William, 50, met Indra while in Kathmandu in the summer of 2013. The two became very close, and chatted frequently over Skype.
‘It was love at first sight,’ he said, saying he took every chance he could get to go back to Nepal.
And then, a year and a half later, they married at a registry office in south-west England.
‘It’s been wonderful,’ William tells Gay Star News. ‘I couldn’t be happier except for this ongoing nightmare.’
Outed during public hearing
Indra was a legal resident of the UK since entering the country in September 2015.
Applying for a leave to remain in the UK prior to the expiry of his visa, his application was refused.
This decision was then upheld by the first tier and upper tier tribunals of the Home Office.
During the course of the upper tier tribunal hearing, Indra’s identity was outed and put in the public domain.
The hearing took place alongside other people from Nepal. Because of this, Indra’s sexuality was exposed.
‘My life will be at risk if I get sent back, my family might kill me,’ Indra told GSN.
‘They expect me to be a man by getting married and giving them grandchildren. They are homophobic and use gay slurs a lot.’
Because of the anonymity order Indra had, the couple went in expecting a private hearing. However, the spokesperson for HM Courts and Tribunals says you have to apply for these.
Husband told he could not stay in interview room
This is not the only difficulty the couple have faced.
The UKVI Director General allegedly advised them they could apply for an exceptional leave to remain visa. The couple and their MP later learned from the UK LGIG (UK Lesbian & Gay Immigration Group that this visa had been scrapped years ago. Home Office later told the couple this doesn’t exist.
During a screening interview last Friday at the Home Office in Croydon, William was told he could not stay in the interview room. Asylum applicants are entitled to keep one person in the room with them. Indra’s English is good, but he is not fluent.
‘I stated that I was Indra’s husband and that caused a look of shock,’ William said.

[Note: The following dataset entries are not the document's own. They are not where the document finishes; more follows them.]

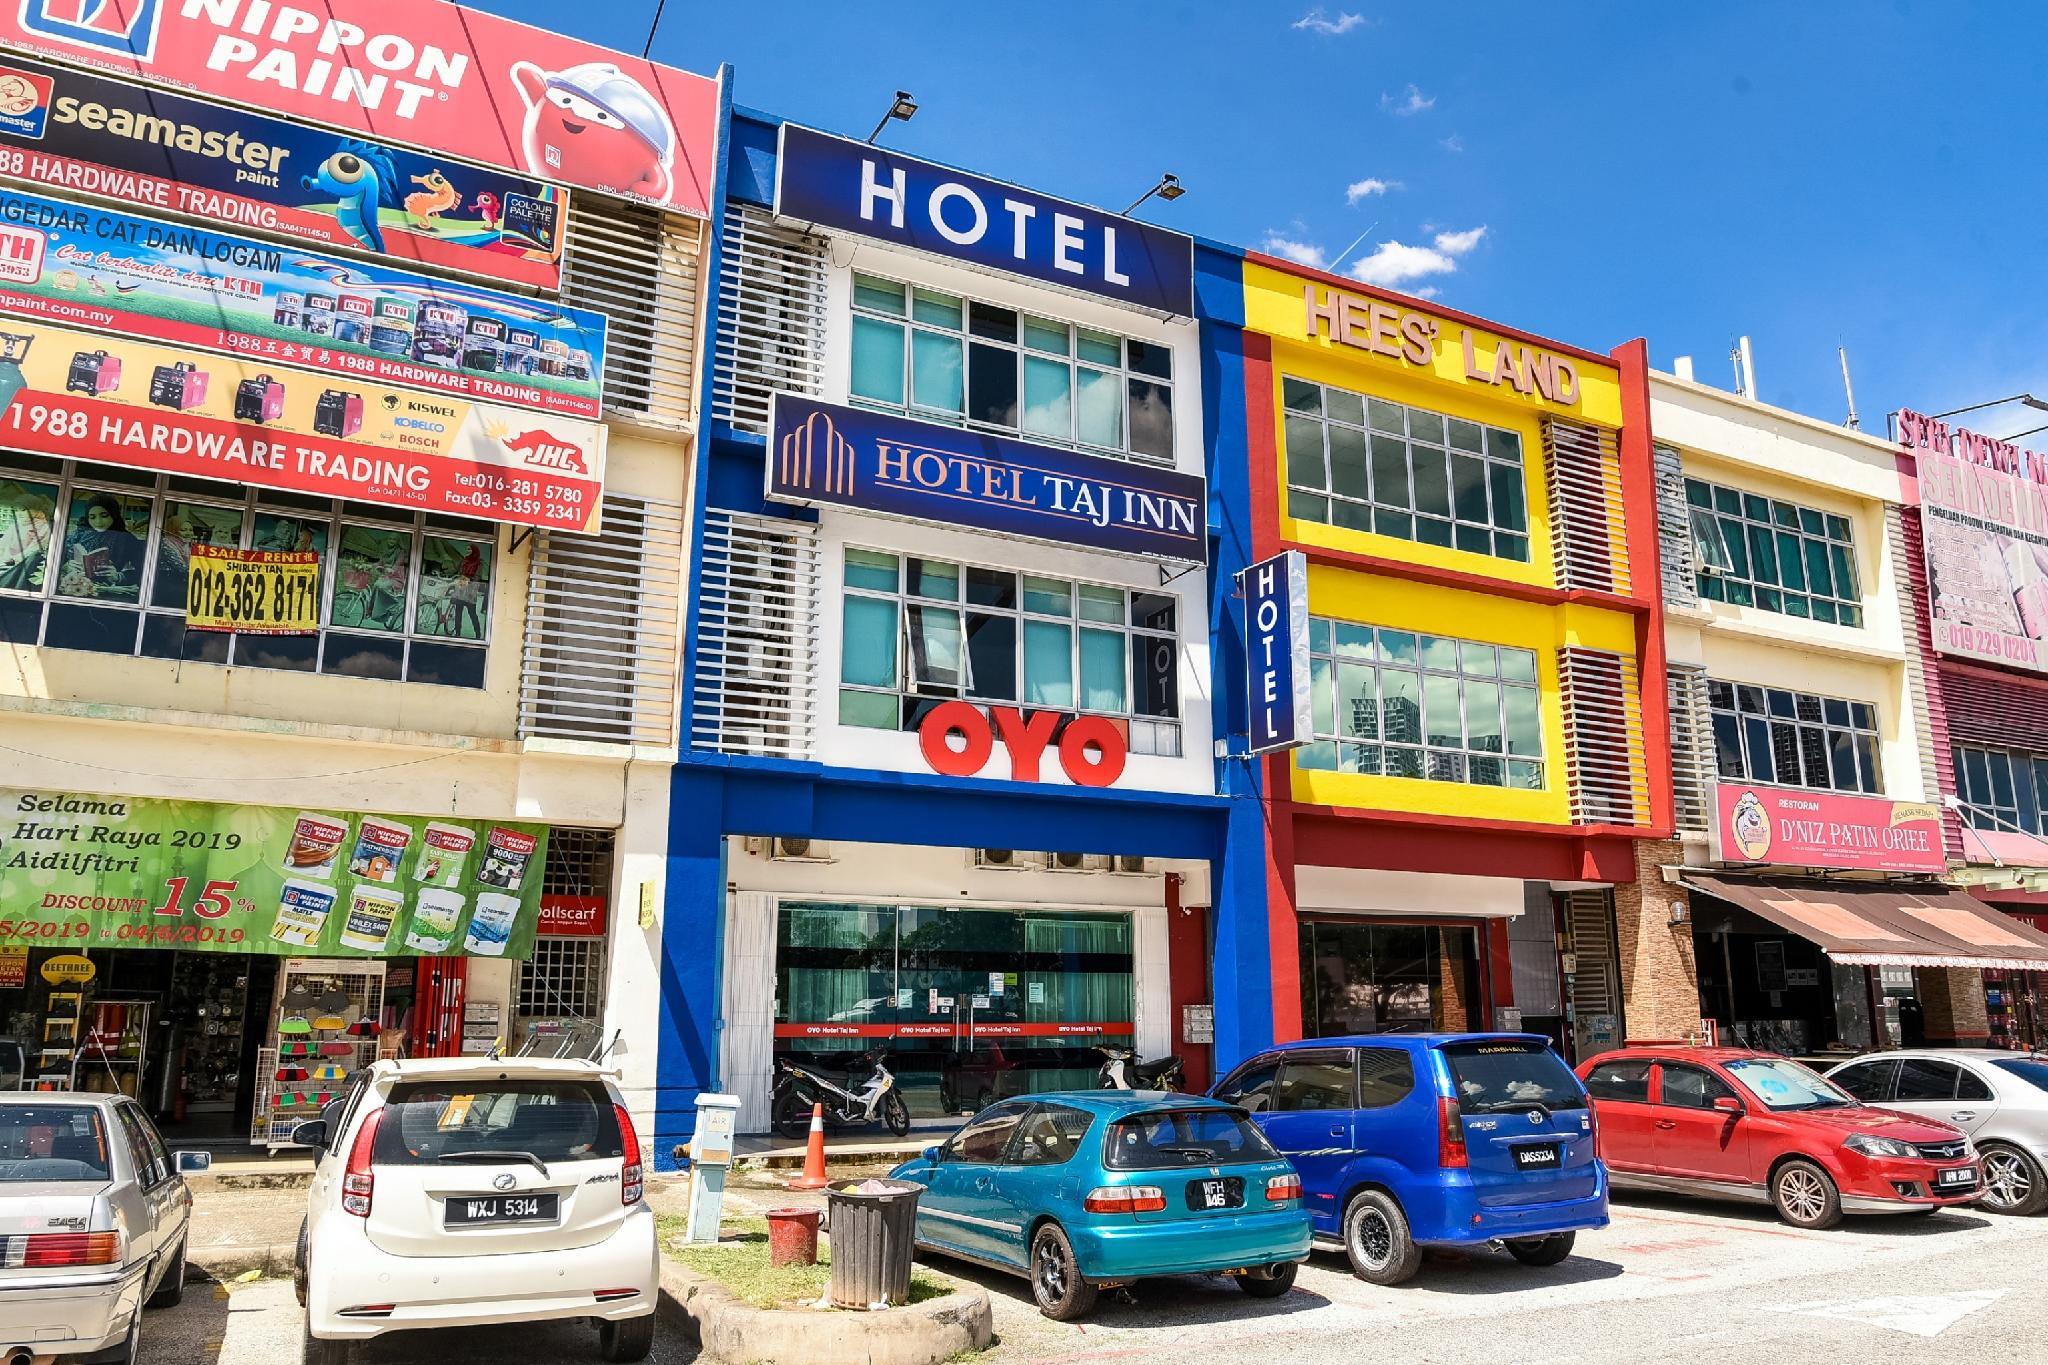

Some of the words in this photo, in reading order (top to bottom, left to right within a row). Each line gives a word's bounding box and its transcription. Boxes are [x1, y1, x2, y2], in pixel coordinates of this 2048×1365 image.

[181, 0, 469, 88] NIPPON
[36, 45, 90, 65] HARDWARE
[92, 58, 134, 75] TRADING
[206, 34, 434, 119] PAINT
[53, 96, 290, 173] seamaster
[31, 155, 171, 206] HARDWARE
[177, 187, 277, 228] TRADING
[235, 169, 279, 189] paint
[509, 206, 552, 223] PALETTE
[510, 199, 552, 214] COLOUR
[0, 196, 89, 235] GEDAR
[96, 217, 142, 244] CAT
[146, 226, 195, 256] DAN
[201, 238, 282, 273] LOGAM
[859, 159, 1131, 287] HOTEL
[56, 244, 93, 261] Cat
[223, 276, 262, 296] KTH
[338, 355, 375, 373] 1988
[380, 363, 468, 390] HARDWARE
[474, 380, 541, 403] TRADING
[1461, 329, 1581, 407] LAND
[408, 401, 457, 418] KISWEL
[393, 416, 445, 433] KOBELCO
[1899, 408, 1953, 457] SERI
[10, 402, 88, 439] 1988
[100, 415, 287, 470] HARDWARE
[295, 447, 431, 492] TRADING
[400, 433, 440, 449] BOSCH
[454, 472, 539, 497] Tel:016-281
[544, 484, 583, 504] 5780
[874, 443, 1036, 506] HOTEL
[1043, 475, 1110, 527] TAJ
[1123, 492, 1198, 535] INN
[445, 490, 498, 509] Fax:03-
[503, 497, 541, 515] 3359
[545, 503, 582, 522] 2341
[209, 546, 246, 560] SALE
[263, 552, 301, 562] RENT
[226, 561, 263, 574] SHIRLEY
[264, 564, 283, 575] TAN
[190, 567, 266, 621] 012-362
[273, 573, 316, 622] 8171
[1257, 563, 1279, 739] HOTEL
[1949, 623, 1974, 651] 019
[1976, 629, 2001, 657] 229
[919, 700, 1127, 788] OYO
[17, 794, 127, 817] Selama
[1778, 798, 1819, 812] RESTORAN
[12, 822, 80, 842] Hari
[87, 825, 161, 850] Raya
[170, 830, 243, 850] 2019
[1781, 818, 1827, 845] D'NIZ
[1830, 822, 1879, 849] PATIN
[1882, 827, 1931, 852] ORIEE
[7, 851, 140, 876] Aidilfitri
[493, 848, 513, 860] 9000
[41, 892, 148, 913] DISCOUNT
[116, 924, 245, 944] 04/6/2019
[44, 963, 90, 972] BEETHREE
[822, 1026, 839, 1034] Hotel
[1478, 1046, 1528, 1054] MARSHALL
[1202, 1181, 1224, 1195] WFH
[467, 1200, 497, 1218] WXJ
[505, 1198, 539, 1216] 5314

‘The only possible conclusion we have reached…our experiences are the immigration services are homophobic, and that statements to the contrary are at the very best disingenuous.’

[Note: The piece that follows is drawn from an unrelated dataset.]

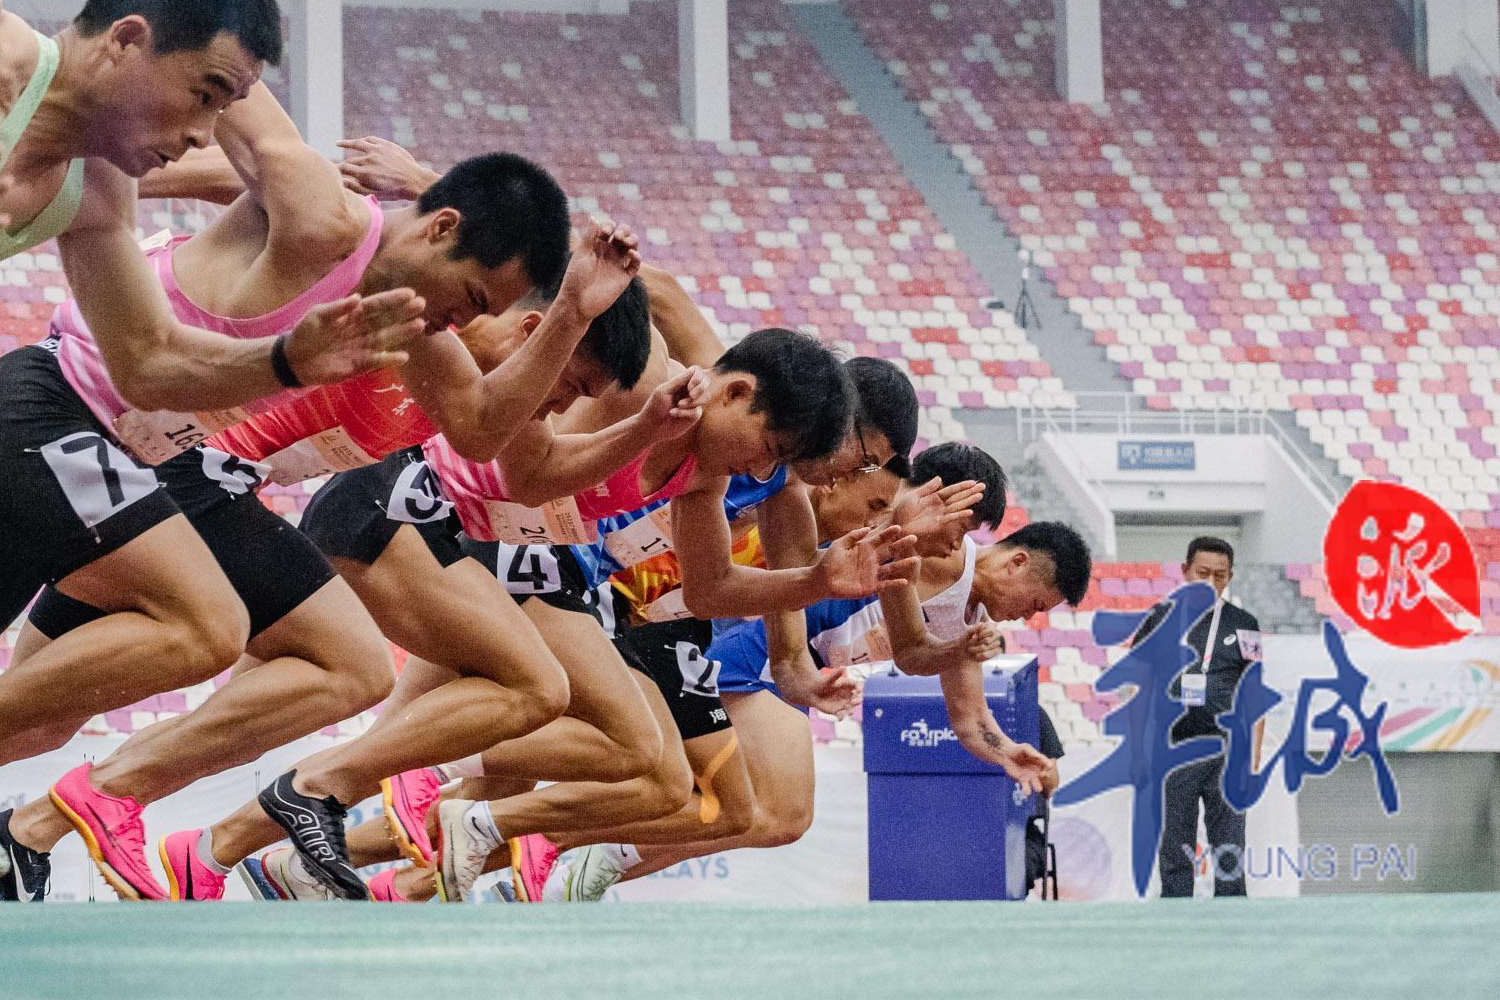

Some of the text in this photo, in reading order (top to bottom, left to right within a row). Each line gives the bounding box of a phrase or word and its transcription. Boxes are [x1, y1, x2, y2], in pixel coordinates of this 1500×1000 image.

[60, 436, 125, 507] 7
[507, 545, 548, 590] 4
[687, 647, 717, 694] 2

‘Impossible to live safely, even in hiding’ in Nepal
Leaving the UK and staying in Nepal is not an option.
The Blue Diamond Society, the country’s LGBTI human rights organization, has said it is an ‘impossibility’ for the couple to ‘live safely, even in hiding’.

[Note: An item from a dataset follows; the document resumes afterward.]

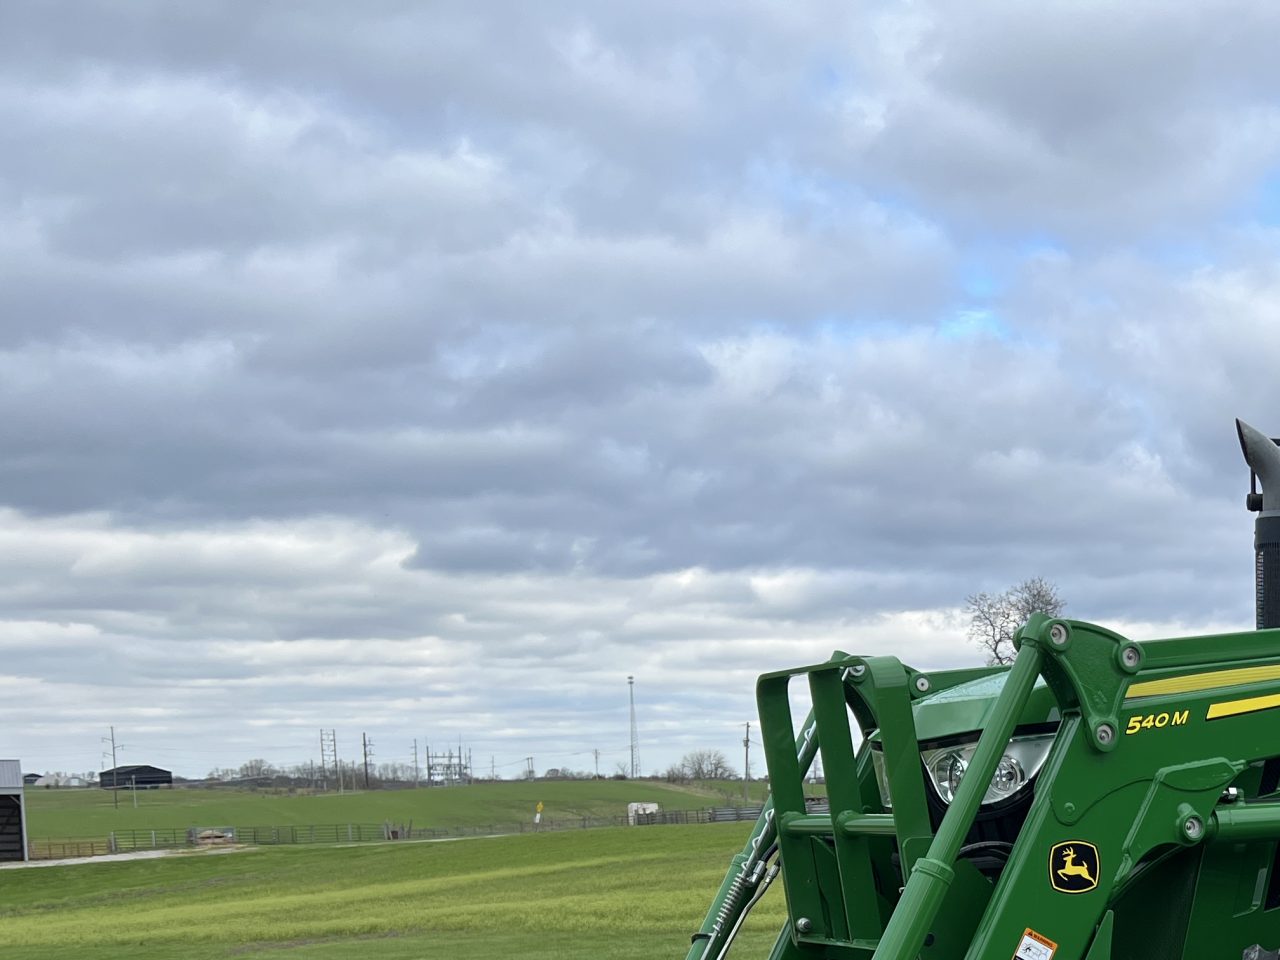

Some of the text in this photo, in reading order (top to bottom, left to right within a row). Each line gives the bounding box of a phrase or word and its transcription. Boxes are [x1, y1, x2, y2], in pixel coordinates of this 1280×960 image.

Even if they went to a town where no one knew them, a Nepali man living with an Englishman could easily provoke mob violence.
While it is not illegal to be gay in Nepal, and the country even has anti-discrimination laws, it is still very homophobic.
Given a ‘black mark’ by British immigration authorities
There is not an option to go to a third, different country either.
William’s mother is over 80 years old and in fragile health. Her GP has confirmed her son’s continued care and contact is necessary for her security and well-being.
In New Delhi, India, British immigration authorities gave Indra three refusal entry stamps, a ‘black mark’, in his passport. Despite this breaching his right to travel free of interrogation harassment, it is unlikely he will be given any type of visa for long-term stay or settlement in any country.
While the couple are being supported by their MP, the experience has been ‘absolutely devastating’.
‘We’re despairing,’ William told GSN. ‘It’s affected our health, our sleep. [Indra’s] lost a lot of his hair from the stress, and he’s 30. It’s catastrophic.’
Rainbow Rush scandal
The UK has recently faced widespread backlash after the Windrush scandal. Around 57,000 people, who came to the UK from Commonwealth countries in the 50s and 60s, were suddenly considered ‘illegal immigrants’. This led to several people facing forced removal from a country they have lived their whole lives.
The Conservative party, in a policy instituted by Prime Minister Theresa May, aimed for an ‘ambitious target’ to deport immigrants in the UK. This scandal then led to the resignation of Home Secretary Amber Rudd.
LGBTI people are often the worst victims of the asylum system in the UK.
Data shows the Home Office, in the past two years, have turned away two thirds of the 3,535 gay or bi asylum applications. Many of these people have true stories, and are victims of some of the worst personal traumas imaginable. However when they come to the UK, they are treated with suspicion, discrimination and appear to be sent home to fulfil a ‘quota’.
The Home Office has denied claims its practices are prejudiced.
A spokesperson said: ‘The UK has a proud history of granting asylum to those who need it and we do not deport anyone at risk of persecution because of their sexuality.’
Activists are now calling on the UK government to drastically change the way they operate asylum and ensure people are not returned to homophobic countries.